12

2.5K 148 64
                                    

*Medya Birkan ve Bars

/Bars/

Sami ve Nalan'ın fazla sensotik, erotik ve baş döndürücü dansı sonrasında Nalan'ın yanıma gelmesini beklerken, Sami tarafından onların oturduğu küçük locaya doğru götürüldü. Mal gibi kalmıştım ortada ve tekrar bir salsa parçası giriş yapmıştı.

Minyon tipli dalgalı saçlı bir kız şeridin önüne utangaç bir şekilde dikildiğinde hala daha gözlerimle onları taciz ediyordum. Arslan, Nalan'a kısa bir an gülümseyip sonra benim olduğum yere çevirdi bakışlarını, önümde duran sevimli kız bana elini uzattığında, Arslan'ın yüzünde o yan gülümseme belirdi.

Nalan'ın zoruyla geldiğimde, yine onun zoruyla bir kaç derse katılmıştım ama öteye gitmemiştim. Zorlandığımdan falan değil ama ben daha çok izlemeyi seviyordum. Ne yazık ki, böyle yerlerde çok geçerli bir sebebiniz olmadıkça, dansa davet edeni reddetmek büyük kabalık sayılırdı. Ne bir erkek kendisine elini uzatan kadını, ne de bir kadın bir erkeğin davetini reddetmezdi kısacası.
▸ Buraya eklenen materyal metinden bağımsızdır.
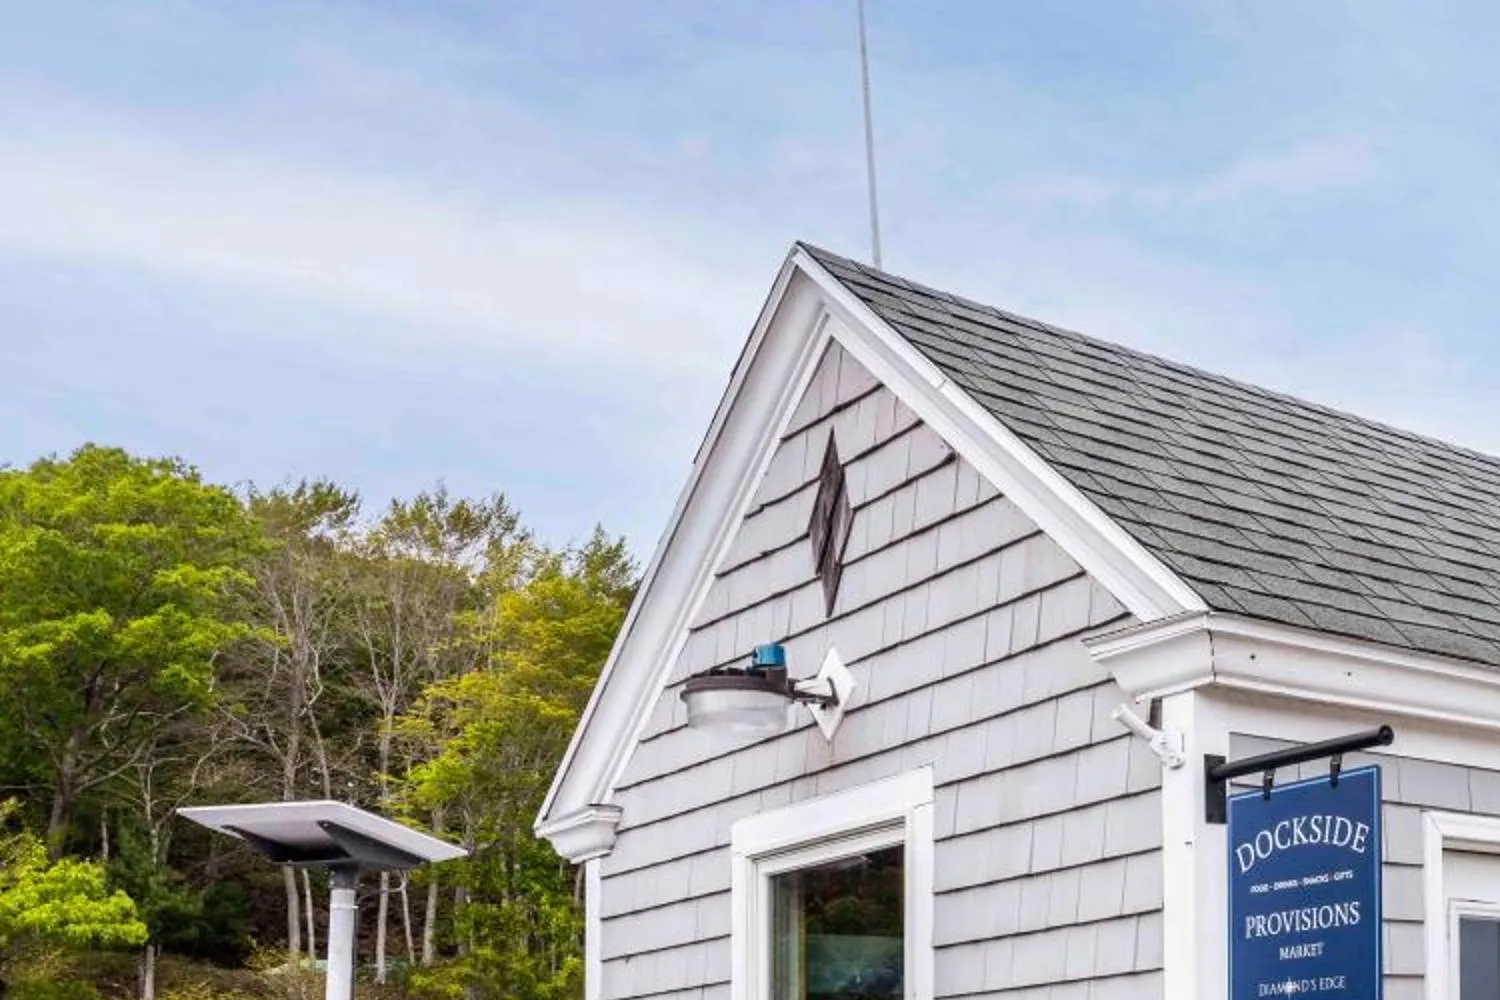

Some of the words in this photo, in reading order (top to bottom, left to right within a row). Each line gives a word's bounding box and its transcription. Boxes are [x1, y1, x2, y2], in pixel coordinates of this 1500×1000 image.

Bakışlarımı kıza çevirip gülümsedim ve elini elimin içine alarak yerimden kalktım. Basit ama kıvrak tutacaktım, Latin danslarında en çok hareketi kadın yapsa ve yapıyor gibi görünse de tüm olayı yönlendiren erkektir. Erkeğin elindeki narin el ve bilek, en küçük dokunuşu komut olarak algılar ve yönlendirmenizi harekete döker. Dansı yöneten erkek, gösteren ve zirveye taşıyan kadındır.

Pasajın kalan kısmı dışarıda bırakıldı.